Meanwhile, CDC Director Dr. Thomas Frieden described narcotic overdoses in a November news release:

“Government, health insurers, health care providers and individuals have critical roles to play in the national effort to stop this epidemic of overdoses while we protect patients who need prescriptions to control pain.”

It’s important to keep in mind that stats like this are not about end-of-life pain management with opioids, where issues of addiction are carefully delineated, and doctors point out that “dependence is not addiction” when it comes to relieving intractable pain in the dying.  As the palliative care textbook Medical Care of the Dying* explains:

“Most patients on longterm opioids develop physical dependence. This refers to the fact that they are physically acclimatized to the presence of the medication, and would exhibit signs of withdrawal if they were abruptly withdrawn from it.

“Patients are also dependent on opioids in a functional way. Like the diabetic who depends on insulin to maintain regular blood sugars, the chronic pain patient requires analgesia to maintain normal daily functioning.

“However, neither of the above constitutes or should be confused with addiction, defined as a loss of control over drug use, compulsive use and continued use despite harm – an abuse of drugs that involves intentional misapplication for effects other than originally intended.”

We know, however, that people with a history of addiction issues who are also on longterm opioid painkillers for their physical pain are in a distinct category of their own. Medical Care of the Dying cites a 1996 study reported in the Journal of Pain and Symptom Management that looked at patients who had both chronic pain and substance abuse problems.  They found that 45% of these patients abused their narcotic medications, and that the 55% who did not abuse were all active in recovery programs and had good family support.

It’s been said that the ideal low-risk patient for opioids is a woman in her 70s with no history of addiction issues who is suffering from severe arthritis of the hip, but who can walk and garden with decreased pain because she is taking this painkiller.

It seems that there are a number of important trends surrounding the current use of opioids, including:

  • the increasing use and sales of prescription painkillers for non-medical reasons (obtained without a prescription, specifically for the high they cause and not for effective pain management)
  • the over-prescription of opioids for longterm chronic pain (an editorial in the Annals of Internal Medicine, for example, warned that while most doctors prescribe opioids in an effort to improve a patient’s quality of life, opioids should be reserved for short-term pain control only, and a recent report by the National Institute on Drug Abuse said estimates of addiction among chronic pain patients using opioids can reach as high as 4o%);

Researchers have also found that over half of opioid overdose deaths occur in people who have never actually been prescribed the drugs, and that a substantial number occur in those who have received prescriptions – but from five or more physicians (the known practice called “doctor shopping”).  These are the patients of greatest concern, according to a 2008 report in the Journal of the American Medical Association. They are the ones who seek care from multiple doctors and are prescribed high daily doses, and account for over 20% of opioid overdoses

Keeping track of that 20% who are doctor shopping can be problematic. For example, the New York State Health Department, which last year set up a state-wide database to alert physicians to patients who are abusing controlled substances like opioids or visiting multiple doctors to get those prescriptions, has found that only a small fraction of New York’s 80,000 physicians (just 2,216 docs) have actually used its Controlled Substance Information system.  As of May 2011, 48 U.S. states and one territory have enacted legislation authorizing Prescription Drug Marketing Programs like the one in New York State, but only 34 of these are actually operational.  Why is that?

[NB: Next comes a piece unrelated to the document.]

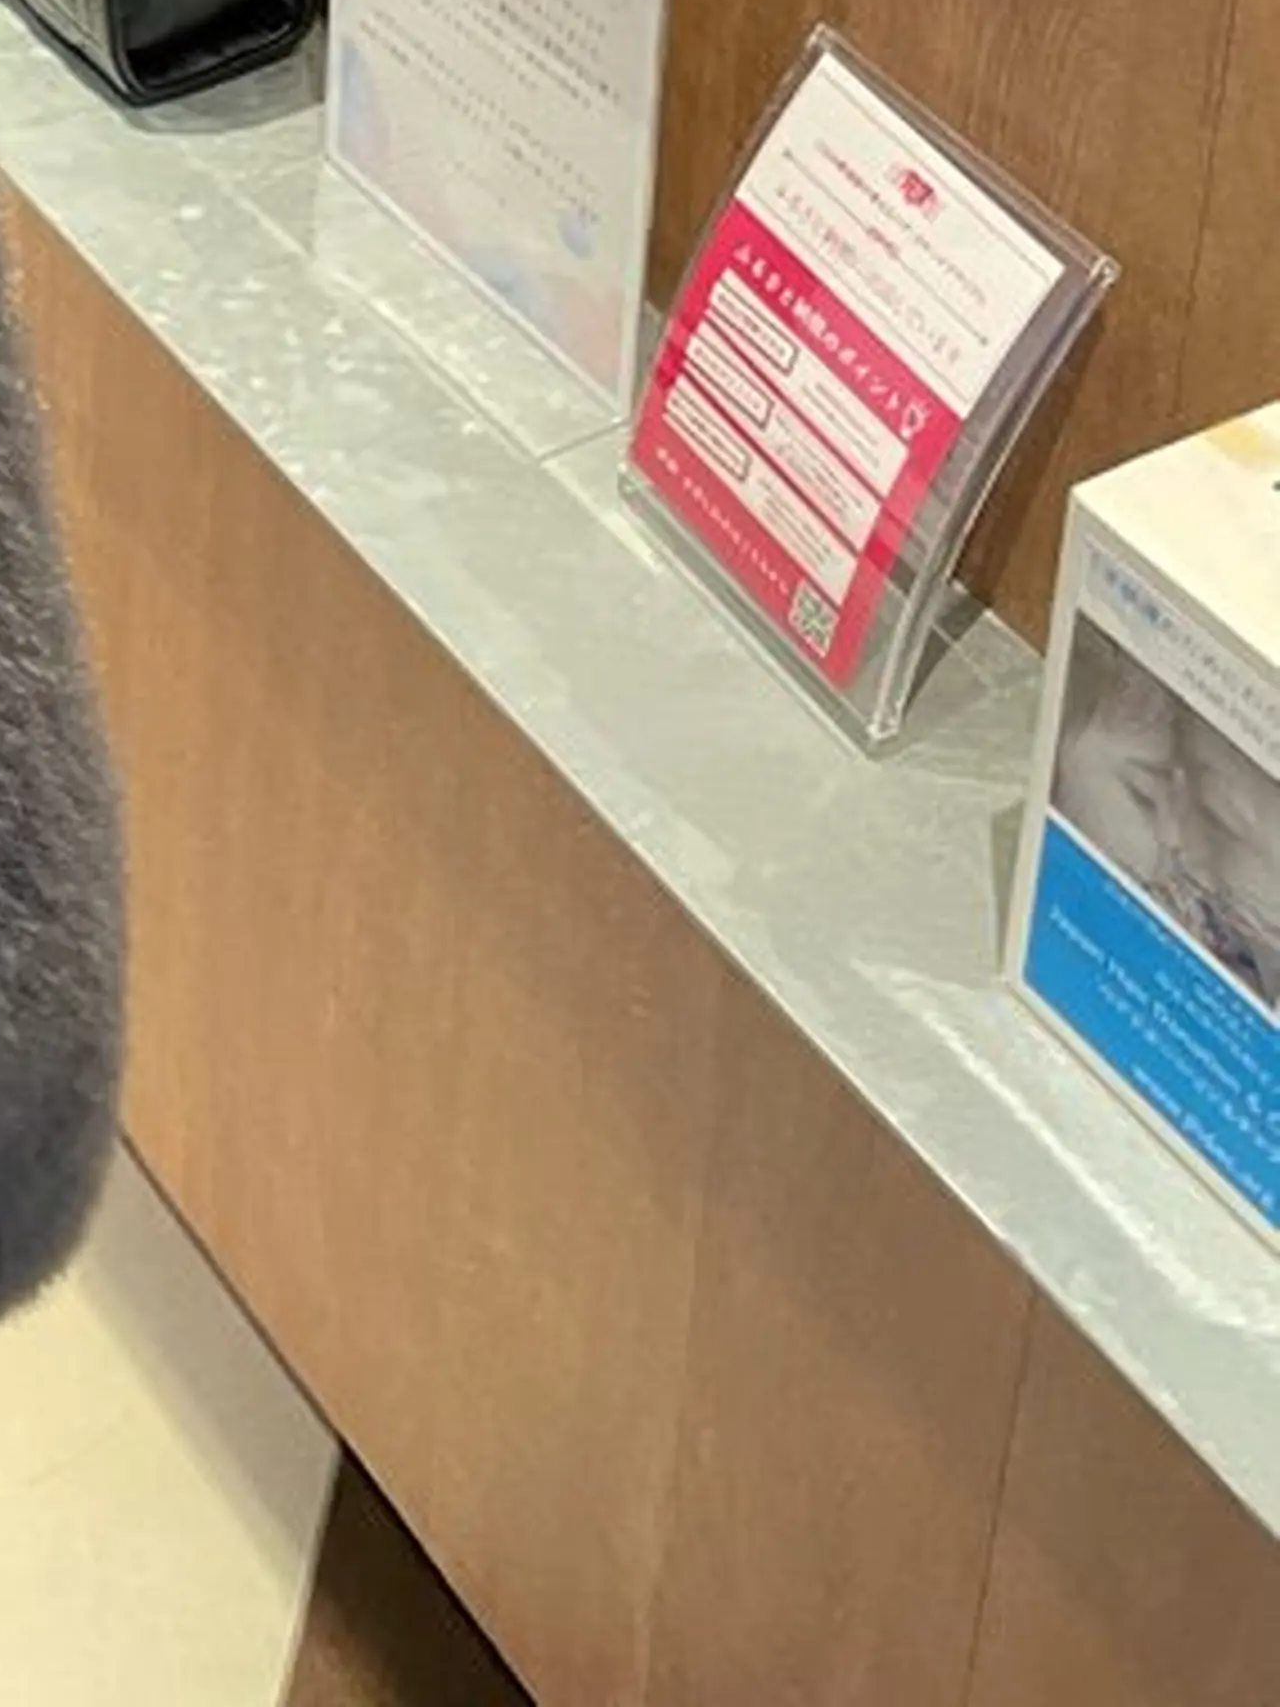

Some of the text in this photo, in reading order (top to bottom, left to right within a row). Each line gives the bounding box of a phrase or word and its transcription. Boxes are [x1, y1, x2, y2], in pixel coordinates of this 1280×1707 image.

[732, 239, 902, 411] ふるさと納税のポイント

Financially, there’s a lot at stake for drugmakers here – the same drugmakers who are funding the American Pain Foundation.

For example, OxyContin, an extended-release painkiller, accounted for a whopping $3.1 billion in sales last year for drugmaker Purdue Pharma (coincidentally a longtime funder of the American Pain Foundation) – that total is up from $752 million in 2006, according to IMS Health.

Prescriptions of some opioids, such as methadone, have increased more than 800% in the past 10 years.

Meanwhile, the drug industry-funded American Pain Foundation has even intervened in court cases in ways that appear to counter its stated mission. The foundation, for example, sided with its funder Purdue Pharma to block a 2001 class-action case filed by Ohio patients who had become addicted to or dependent on Purdue’s blockbuster painkiller, OxyContin.

So while the American Pain Foundation sides with its Big Pharma bosses against the very pain patients it purports to serve, the epidemic of painkiller addiction and overdose deaths continues unabated.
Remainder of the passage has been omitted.